Identifying Plant Part Composition of Forest Logging Residue Using Infrared Spectral Data and Linear Discriminant Analysis

Abstract

As new markets, technologies and economies evolve in the low carbon bioeconomy, forest logging residue, a largely untapped renewable resource will play a vital role. The feedstock can however be variable depending on plant species and plant part component. This heterogeneity can influence the physical, chemical and thermochemical properties of the material, and thus the final yield and quality of products. Although it is challenging to control compositional variability of a batch of feedstock, it is feasible to monitor this heterogeneity and make the necessary changes in process parameters.
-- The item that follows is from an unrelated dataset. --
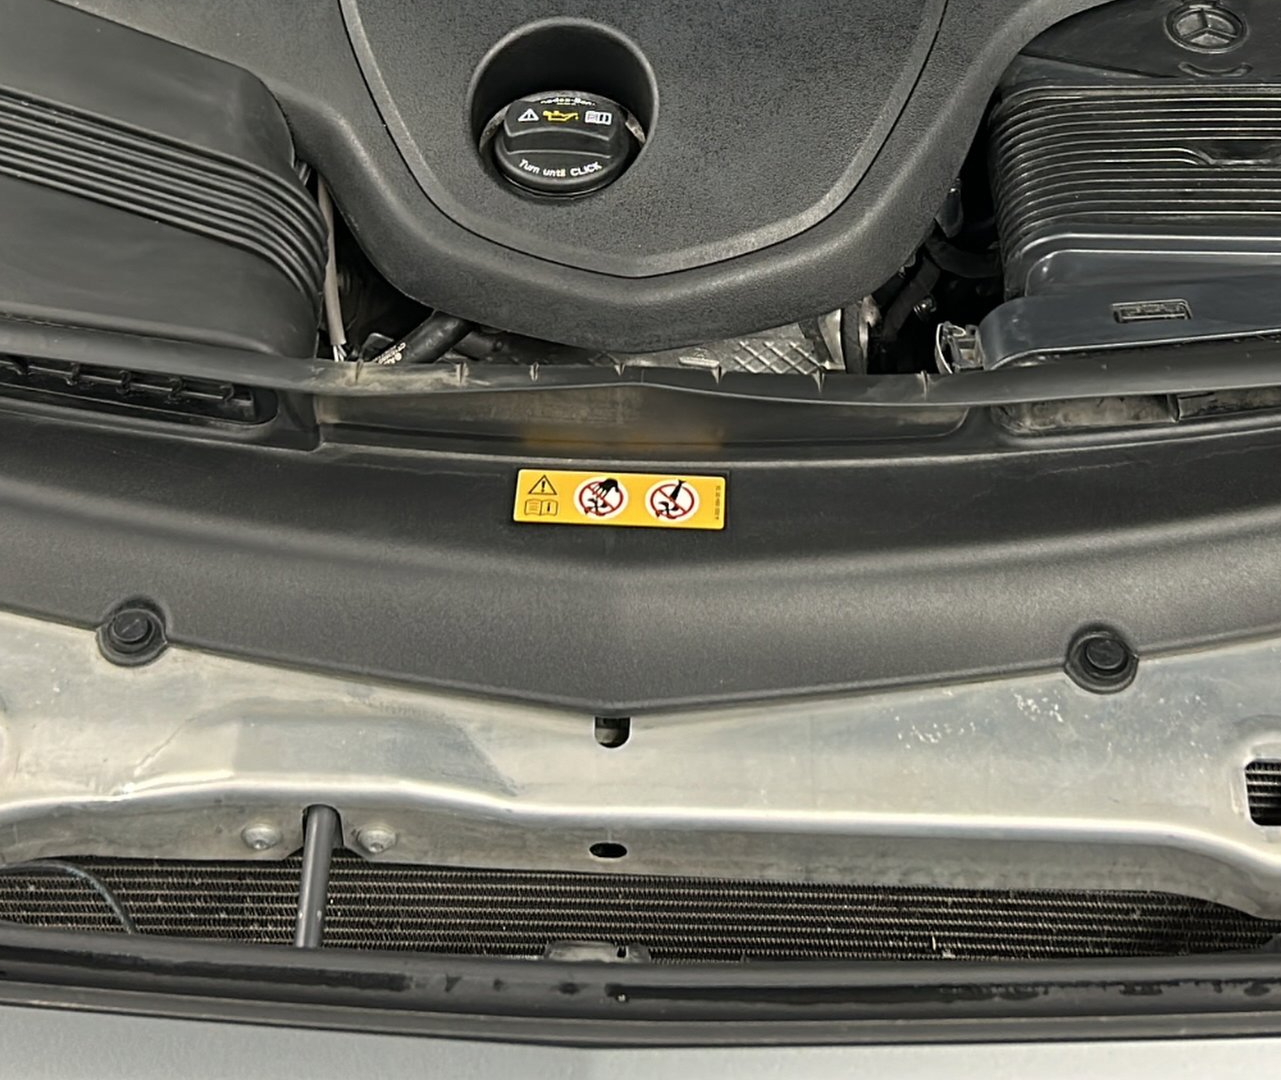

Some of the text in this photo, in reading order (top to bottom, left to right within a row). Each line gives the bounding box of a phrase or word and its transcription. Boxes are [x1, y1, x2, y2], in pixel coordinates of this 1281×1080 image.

[519, 158, 602, 177] Turn until CLICK
Such a system will be a first step towards optimization, quality assurance and cost-effectiveness of processes in the emerging biofuel/chemical industry. The objective of this study was therefore to qualitatively classify forest logging residue made up of different plant parts using both near infrared spectroscopy (NIRS) and Fourier transform infrared spectroscopy (FTIRS) together with linear discriminant analysis (LDA). Forest logging residue harvested from several Pinus taeda (loblolly pine) plantations in Alabama, USA, were classified into three plant part components: clean wood, wood and bark and slash (i.e., limbs and foliage). Five-fold cross-validated linear discriminant functions had classification accuracies of over 96% for both NIRS and FTIRS based models. An extra factor/principal component (PC) was however needed to achieve this in FTIRS modeling. Analysis of factor loadings of both NIR and FTIR spectra showed that, the statistically different amount of cellulose in the three plant part components of logging residue contributed to their initial separation. This study demonstrated that NIR or FTIR spectroscopy coupled with PCA and LDA has the potential to be used as a high throughput tool in classifying the plant part makeup of a batch of forest logging residue feedstock. Thus, NIR/FTIR could be employed as a tool to rapidly probe/monitor the variability of forest biomass so that the appropriate online adjustments to parameters can be made in time to ensure process optimization and product quality.